Your output must consist of the records printed verbatim, with the pictures excluded.

[Data provided Boundary: Start]

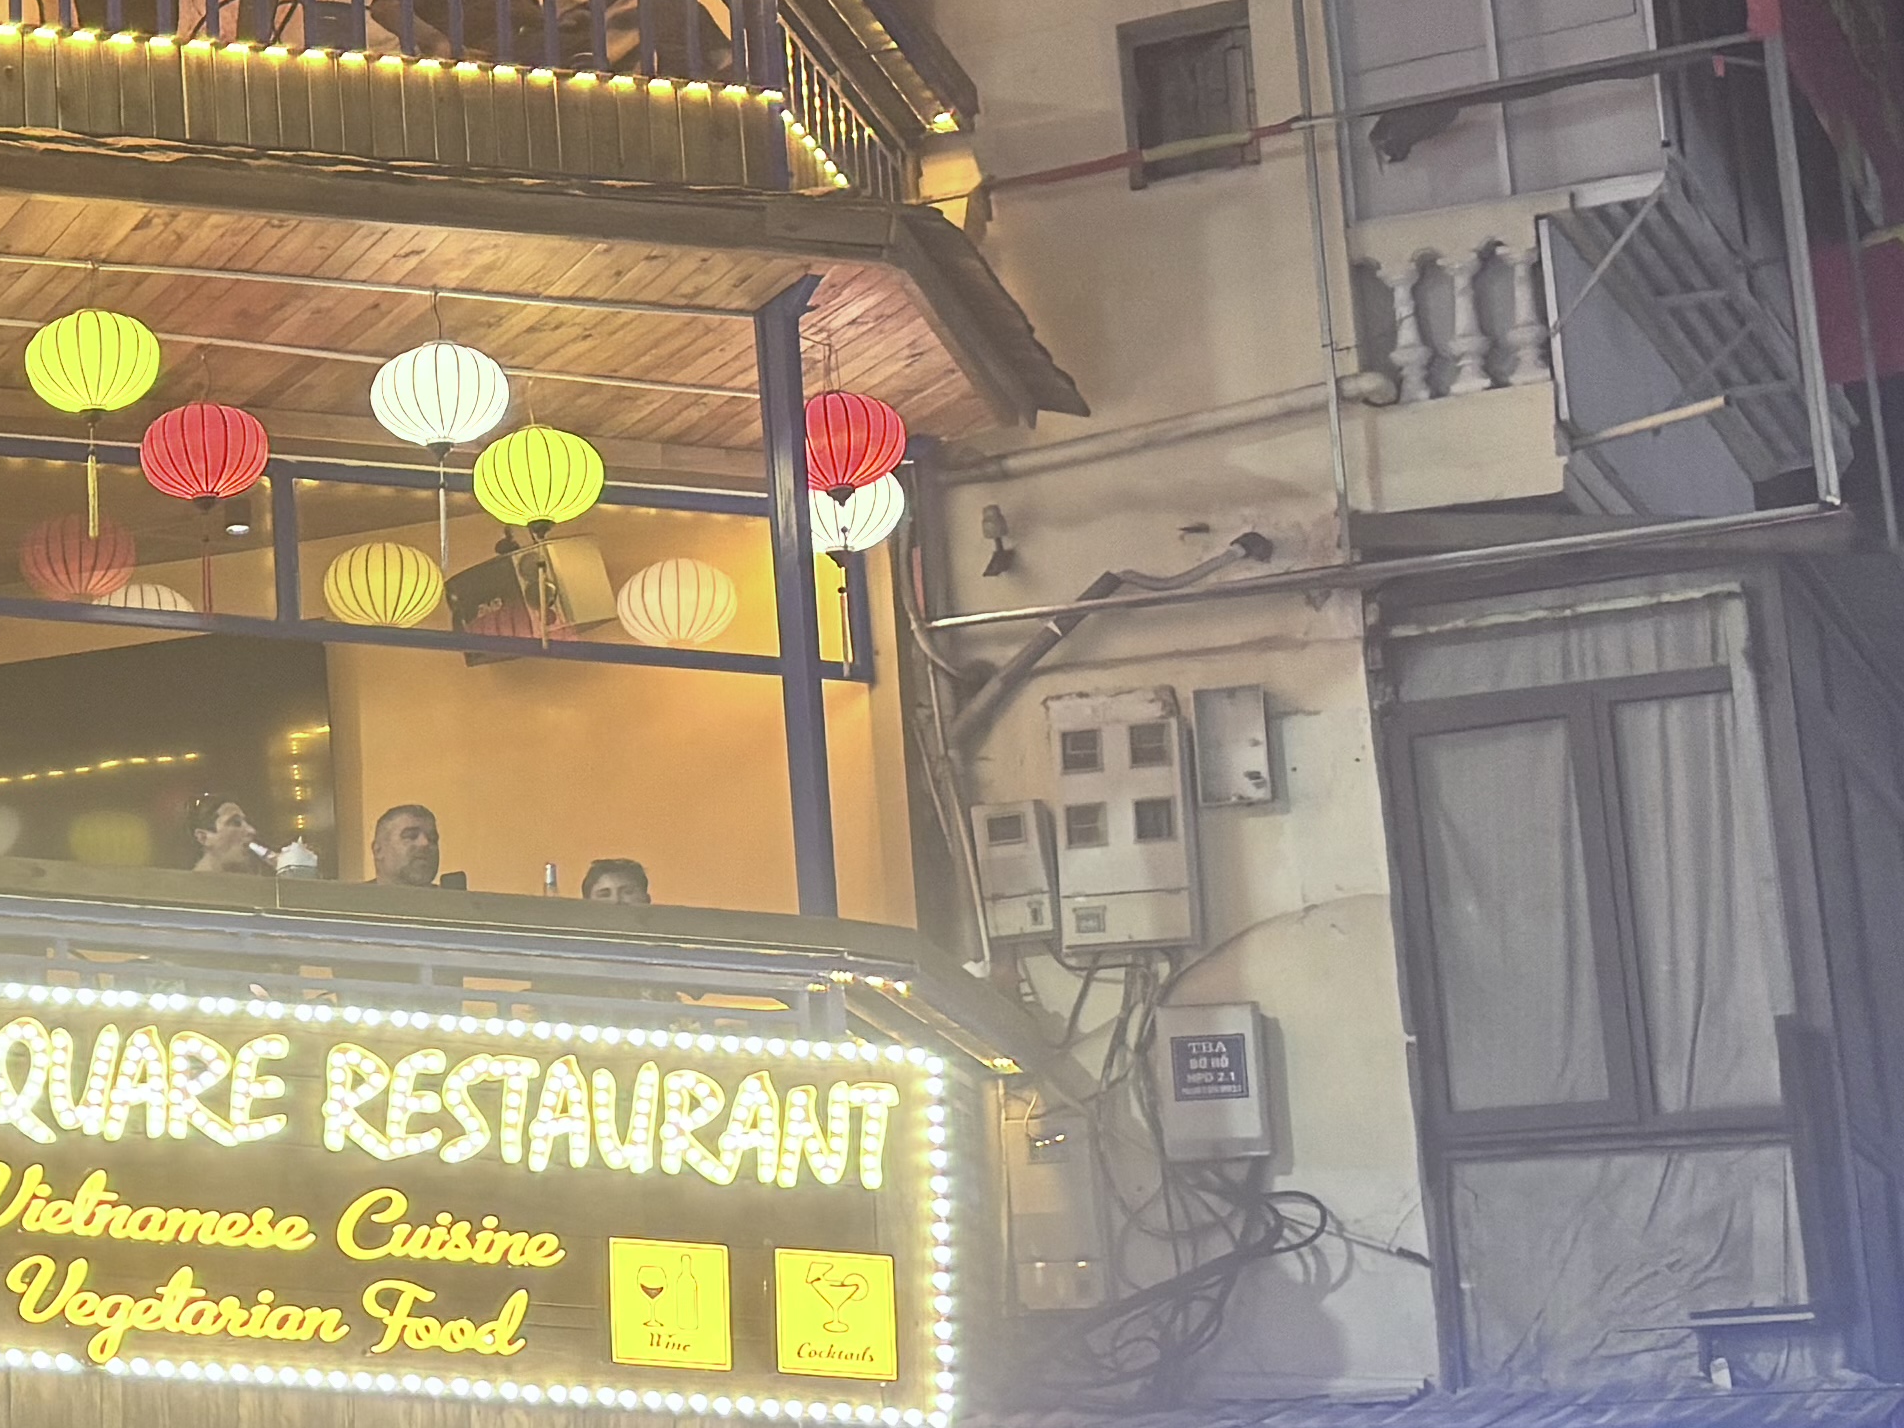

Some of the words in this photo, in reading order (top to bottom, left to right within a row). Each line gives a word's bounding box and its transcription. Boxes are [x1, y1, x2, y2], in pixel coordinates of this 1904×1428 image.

[1188, 1041, 1227, 1053] TBA
[322, 1042, 900, 1192] RESTAURANT
[334, 1186, 568, 1272] Cuisine
[4, 1254, 349, 1368] Vegetarian
[360, 1278, 530, 1360] Food
[649, 1332, 692, 1353] Wine
[796, 1341, 875, 1363] Cocktails

[Data provided Boundary: End]

-- Written response --
Some of the words in this photo, in reading order (top to bottom, left to right within a row). Each line gives a word's bounding box and its transcription. Boxes are [x1, y1, x2, y2], in pixel coordinates of this 1904×1428 image.

[1188, 1041, 1227, 1053] TBA
[322, 1042, 900, 1192] RESTAURANT
[334, 1186, 568, 1272] Cuisine
[4, 1254, 349, 1368] Vegetarian
[360, 1278, 530, 1360] Food
[649, 1332, 692, 1353] Wine
[796, 1341, 875, 1363] Cocktails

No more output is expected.